### About this task
All that should be output is the block of lines below from the line with "this 1621×1824 image." to the line with "this 1344×1512 image.", both included, exactly as written.

### Data provided
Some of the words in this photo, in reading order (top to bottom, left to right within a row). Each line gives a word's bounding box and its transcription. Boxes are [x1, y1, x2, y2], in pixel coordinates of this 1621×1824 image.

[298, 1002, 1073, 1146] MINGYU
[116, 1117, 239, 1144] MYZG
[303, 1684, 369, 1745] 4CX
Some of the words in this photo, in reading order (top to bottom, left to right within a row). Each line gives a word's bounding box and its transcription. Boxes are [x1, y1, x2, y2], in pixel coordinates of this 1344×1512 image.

==

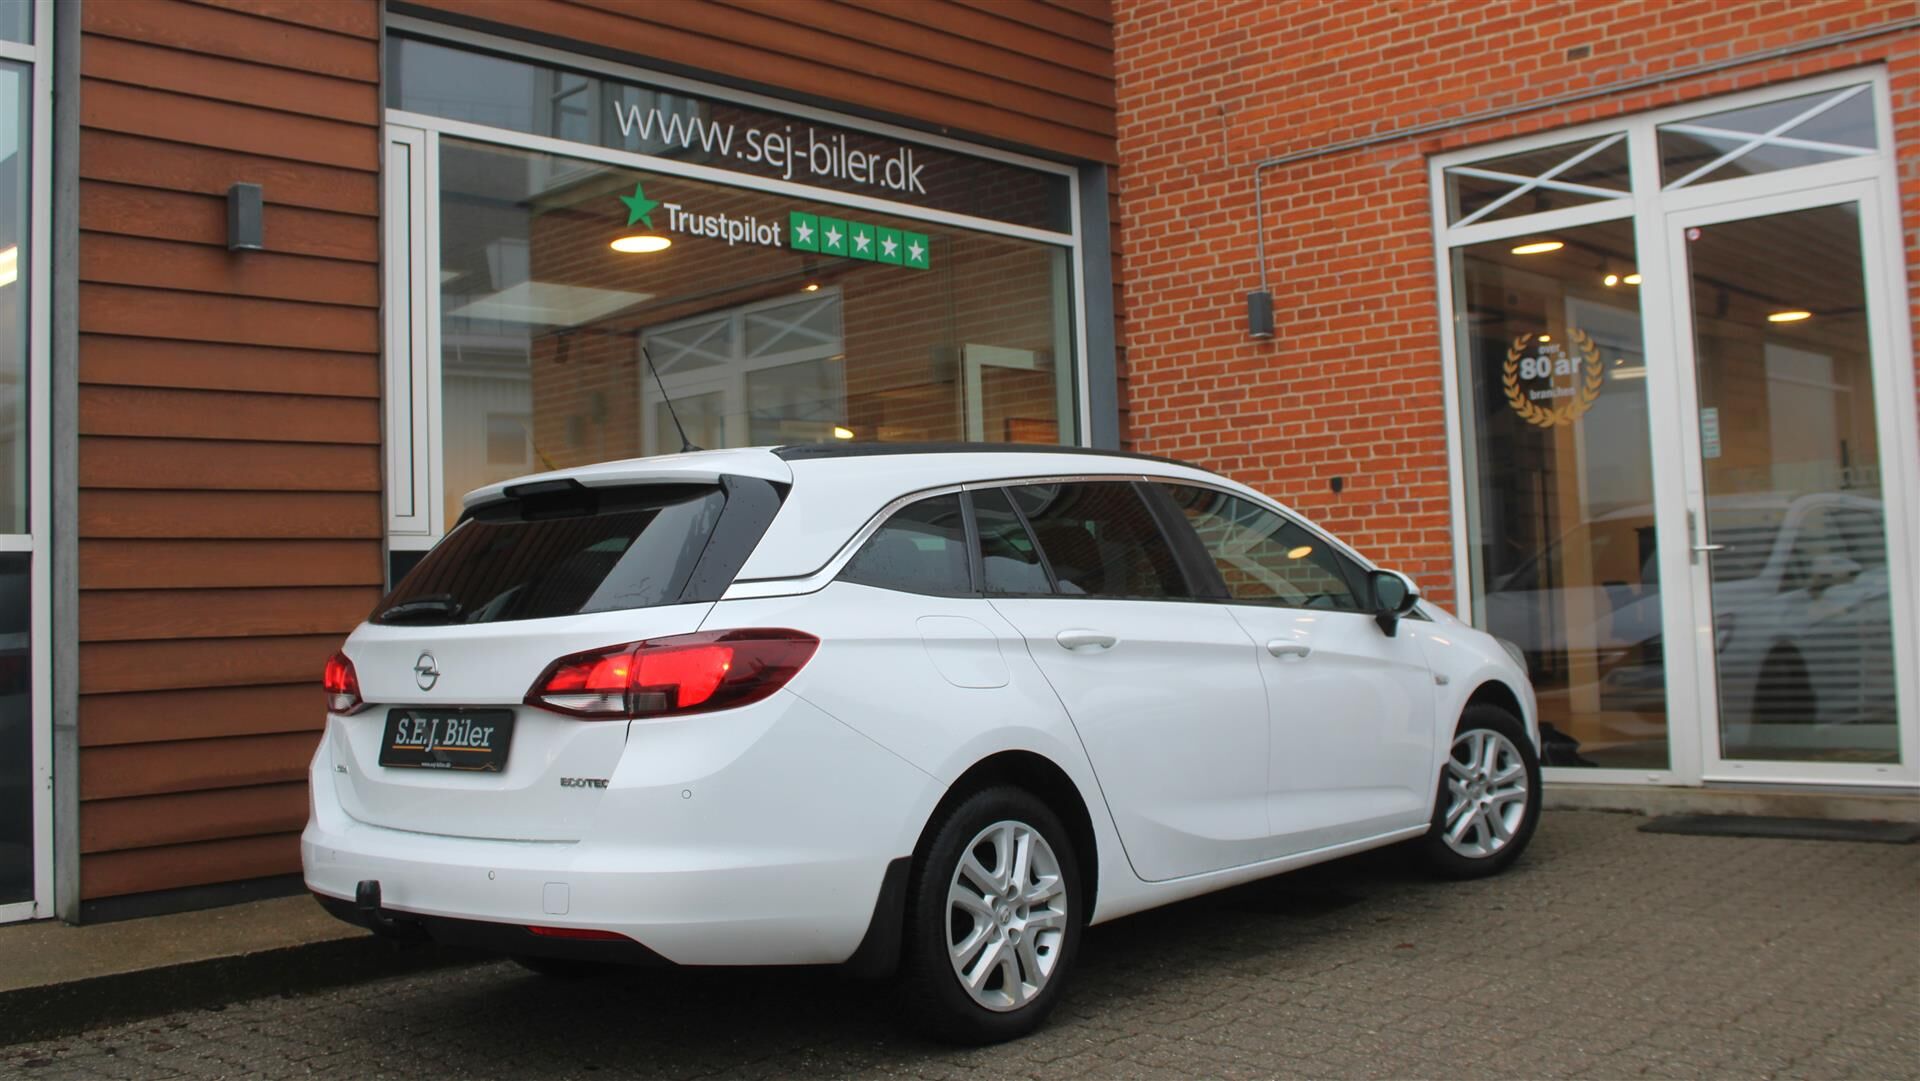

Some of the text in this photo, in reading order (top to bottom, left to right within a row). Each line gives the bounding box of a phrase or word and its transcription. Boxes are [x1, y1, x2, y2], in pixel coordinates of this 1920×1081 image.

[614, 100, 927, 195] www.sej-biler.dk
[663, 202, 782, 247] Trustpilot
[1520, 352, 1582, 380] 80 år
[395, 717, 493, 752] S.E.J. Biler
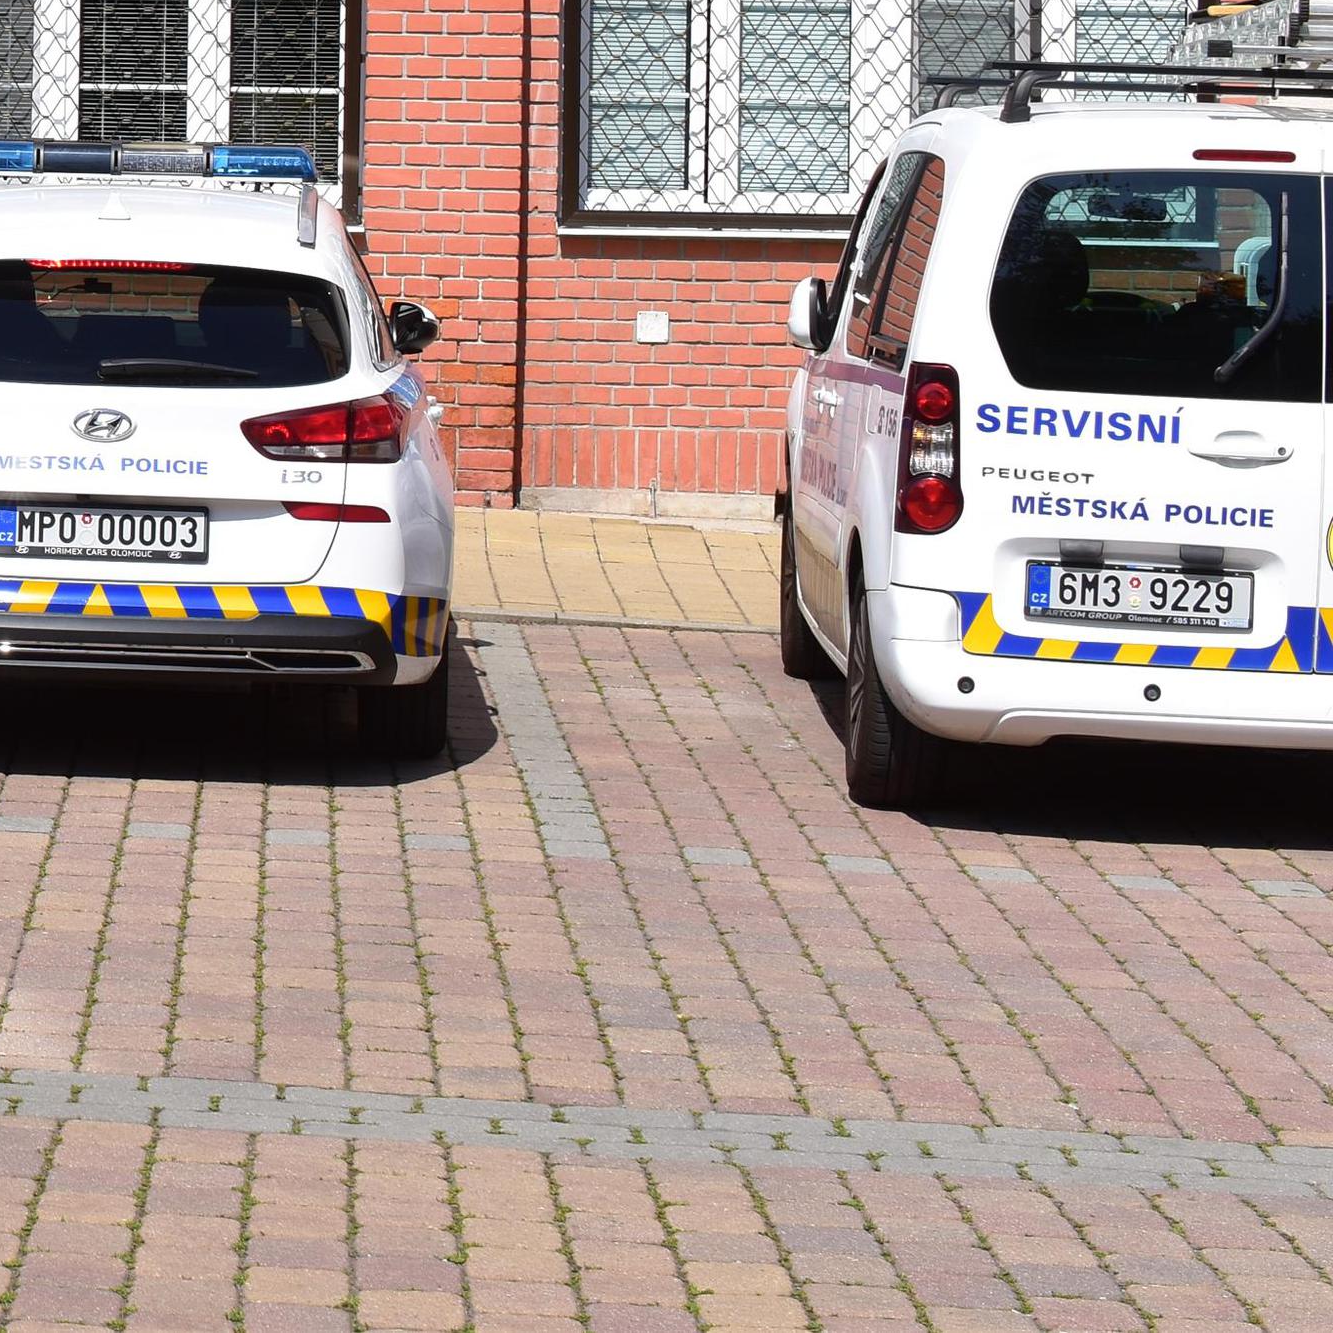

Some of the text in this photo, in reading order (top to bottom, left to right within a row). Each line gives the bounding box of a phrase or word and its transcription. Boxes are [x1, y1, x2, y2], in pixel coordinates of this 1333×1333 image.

---

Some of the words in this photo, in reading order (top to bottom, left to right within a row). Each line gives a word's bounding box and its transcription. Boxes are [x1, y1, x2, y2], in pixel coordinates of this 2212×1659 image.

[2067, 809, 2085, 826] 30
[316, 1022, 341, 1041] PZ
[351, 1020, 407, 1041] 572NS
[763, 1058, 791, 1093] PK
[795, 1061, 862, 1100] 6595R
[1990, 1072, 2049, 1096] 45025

### Expected answer
Some of the words in this photo, in reading order (top to bottom, left to right within a row). Each line gives a word's bounding box and its transcription. Boxes are [x1, y1, x2, y2], in pixel coordinates of this 1621×1824 image.

[298, 1002, 1073, 1146] MINGYU
[116, 1117, 239, 1144] MYZG
[303, 1684, 369, 1745] 4CX
Some of the words in this photo, in reading order (top to bottom, left to right within a row). Each line gives a word's bounding box and its transcription. Boxes are [x1, y1, x2, y2], in pixel coordinates of this 1344×1512 image.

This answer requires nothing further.